The transition to a circular economy—where waste is minimized and resources are reused—cannot succeed without significant investment from the private sector, according to Marion Schuppe, a representative from the sustainability organization MakeSense. Speaking at a recent industry event, Schuppe emphasized that while awareness of circular practices is growing, financial commitments remain a major hurdle.
The circular economy model, which contrasts with the traditional linear ‘take-make-dispose’ approach, has gained traction among policymakers and environmental advocates. Analysts estimate that adopting circular principles could generate $4.5 trillion in economic benefits by 2030, according to a report by Accenture.

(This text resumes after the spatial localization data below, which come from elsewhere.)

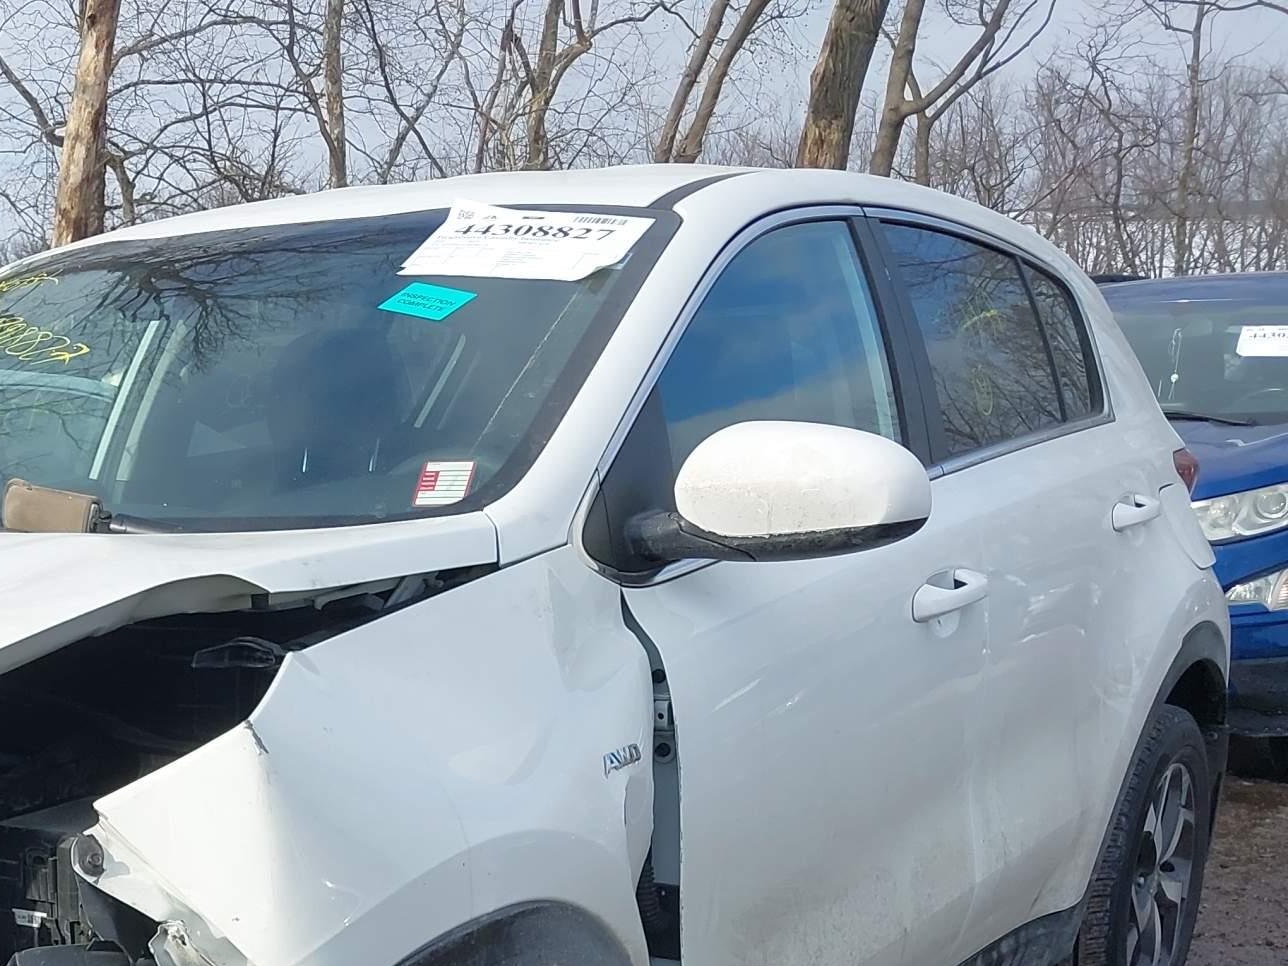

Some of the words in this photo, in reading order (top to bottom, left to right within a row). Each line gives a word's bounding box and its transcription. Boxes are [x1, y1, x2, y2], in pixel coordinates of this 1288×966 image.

[454, 222, 617, 241] 44308827
[397, 298, 443, 312] COMPLETE
[400, 292, 457, 306] INSPECTION
[602, 743, 642, 780] AWD
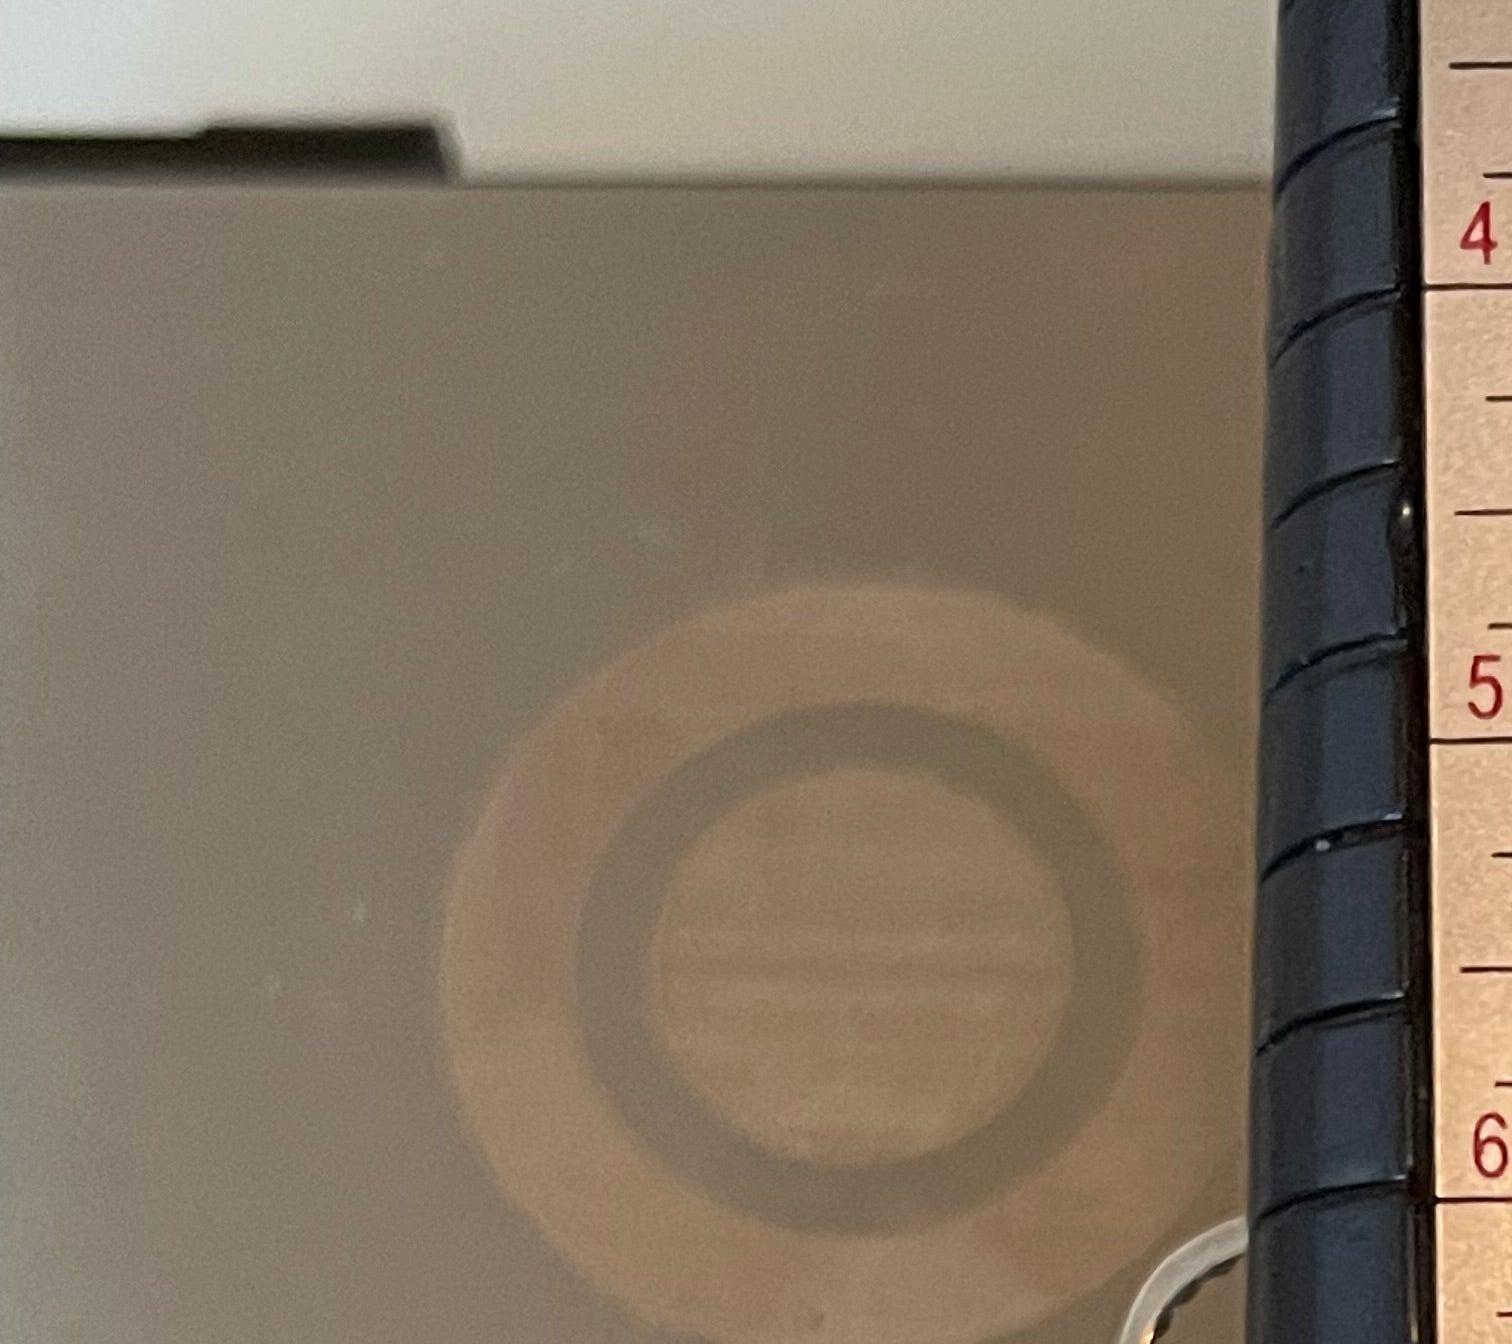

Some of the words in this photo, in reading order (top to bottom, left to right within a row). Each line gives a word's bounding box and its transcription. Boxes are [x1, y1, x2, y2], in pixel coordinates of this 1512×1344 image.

However, Schuppe noted that many businesses hesitate to adopt circular practices due to upfront costs and uncertain returns.
‘Investors play a pivotal role in de-risking this transition,’ Schuppe said. ‘Without their support, even the most innovative circular solutions struggle to scale.’ Sources in the financial sector acknowledge growing interest in sustainable investments but cite regulatory uncertainty and market fragmentation as barriers.
Looking ahead, experts suggest that clearer policy frameworks and standardized metrics for circular performance could attract more capital. The EU’s Circular Economy Action Plan and similar initiatives in the U.S. may provide momentum, though challenges remain in aligning global efforts.